Making Molehills

You all know the expression, “Making mountains out of molehill?.” Well, we needed to do the opposite and make mole hills out of mountains!

My high school daughter faces mountains of work this year.

She has massive PAT portfolio assignments – over and above her term work — and her first term deadline is close!

A huge blue PAT file with all the work sits menacingly on the table – our mountain!

So much to do … so little time …

Completely overwhelmed, she withdrew.

Her motivation dwindled and her anxiety increased.

As I prayed one morning, the Lord inspired me to make mole hills out of the mountains!

Literally — make the work load smaller and more manageable.

Here’s how we reduced the huge file & massive mountain of work into daily “mole hills”:

  1. Print out a calendar for the month.
  2. Counted how many days were left until her portfolio must be posted off, with enough time to reach the office before the deadline = 25 days
  3. Took off all 3 Sunday’s = 22
  4. Counted her subjects = 7
  5. Assigned 3 days per subject = 21 days ( This means that there will be 1 day’s grace)
  6. Took subject by subject and divided each subject’s assignments over the 3 days. (Some assignments will take longer, others will be quicker)
  7. Create a small file for the current subject. We put just one subject in this small file.
  8. Divide the assignments into the 3 day divisions.

Now she simply tackles the day’s work. It is manageable, doable, easier.

Some days we have even included other work and “are ahead”.

This is an excellent feeling!

I am grateful for a simple strategy.

I remember the humorous and ridiculous question, “How does someone eat a whole elephant?”

The answer was, “One bite at a time!”

How have you tackled large and insurmountable problems? Feel free to share your strategies in the comments.



6 thoughts on “Making Molehills

  1. I had the same when I studied for my diploma in computers years ago. Mountains of work, and it felt like really too little time to do it in. At least I could hand in most of my work via internet uploads, which gave me a couple more days. I did exactly what you did with her work, first looked at what should be handed in first, second, third, etc. divided it into days, work for every day… done. Some was a stretch to get done in time… I kind of ramble… others was done ahead, which boosts the spirit!

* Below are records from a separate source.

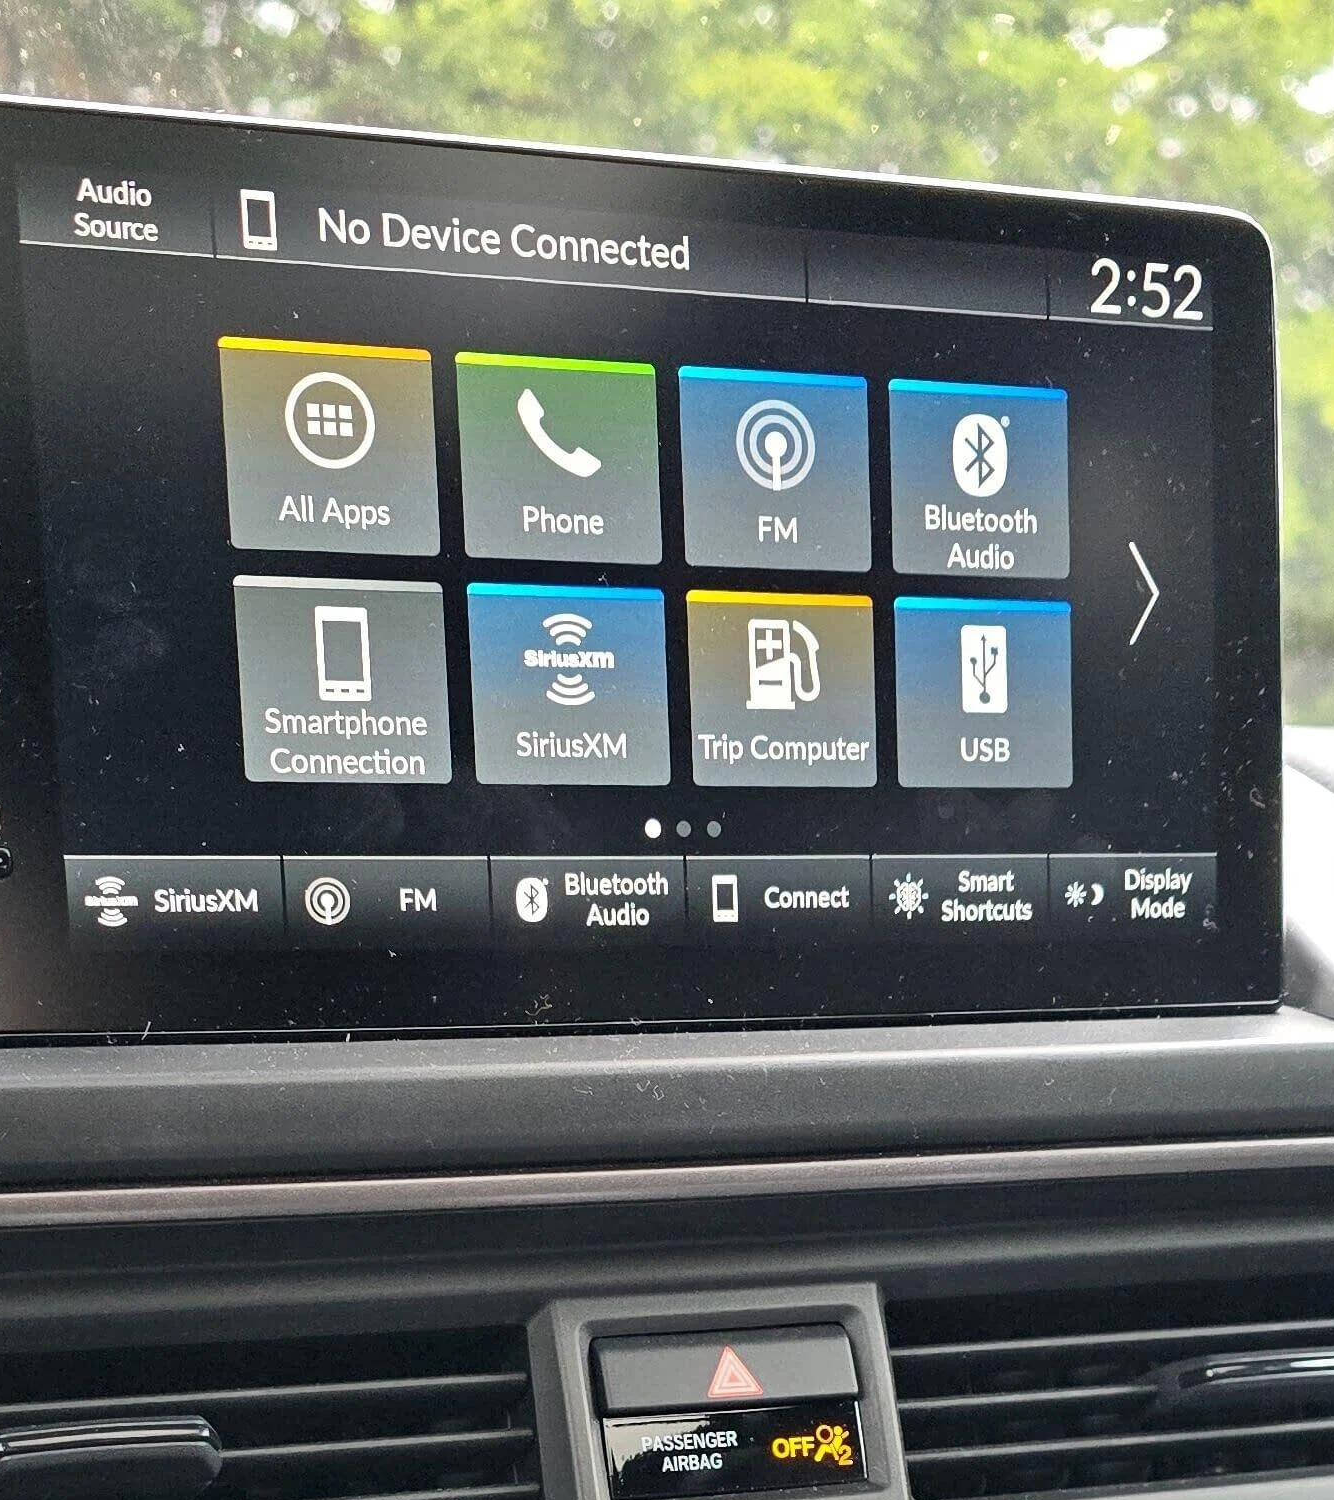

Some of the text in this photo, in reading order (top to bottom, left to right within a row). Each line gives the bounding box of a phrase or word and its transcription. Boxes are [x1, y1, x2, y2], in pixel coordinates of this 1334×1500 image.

[75, 178, 152, 208] Audio
[73, 213, 159, 243] Source
[317, 208, 691, 272] No Device Connected
[1089, 257, 1204, 322] 2:52
[278, 495, 391, 529] All Apps
[521, 506, 605, 536] Phone
[923, 503, 1039, 536] Bluetooth
[757, 516, 799, 545] FM
[946, 543, 1015, 572] Audio
[264, 707, 428, 744] Smartphone
[515, 730, 628, 759] SiriusXM
[698, 733, 870, 768] Trip Computer
[960, 738, 1011, 763] USB
[269, 747, 427, 778] Connection
[564, 871, 669, 900] Bluetooth
[957, 868, 1015, 894] Smart
[1123, 867, 1193, 899] Display
[153, 887, 259, 914] SiriusXM
[399, 889, 438, 912] FM
[763, 885, 849, 911] Connect
[940, 898, 1033, 923] Shortcuts
[1130, 894, 1186, 920] Mode
[586, 901, 650, 928] Audio
[640, 1429, 738, 1452] PASSENGER
[771, 1434, 816, 1460] OFF
[661, 1452, 724, 1474] AIRBAG

    Did the same when my sister-in-law sent me files and files and files of gr.R and gr.1 work. She’s a school teacher. I felt totally overwhelmed because it was so much more than what I already had (which covered almost everything!). So I first looked through everything to see what I had, divided it between the two years (even found work that is for later – gr.2, gr.3!). Made the mountains for manageable…almost molehills. Then divided the work for each year further between the two boys. My youngest is only going to do “this work” in two years’ time. So molehills are smaller… Everything that was double, I took out and shared with friends who can’t afford worksheets and the like for their children. Molehills! Then divided it over the year, into the weeks that we are to do “school work”. Monthly, weekly, daily breakdowns–>molehills you can handle without a sweat. And I do believe that kids should play and learn from experience more than paper (at these young ages), so not a lot of paper work in our files.


    • @elizevdm, too true! 🙂 It can take quite a long time to go through all the stuff, but once it is broken down into manageable bits, then the motivation kicks in and one feels that one can actually manage the job.
      I’m glad my daughter sat with me as we went through this whole process, because she now has a valuable new life skill.


  2. I was recently reading an article about some issues that homeschoolers faced in university. The two that stand out in my mind they blamed solely on the mom. 1.) Not being able to wake to an alarm. 2.) Not knowing how to break assignments into manageable chunks.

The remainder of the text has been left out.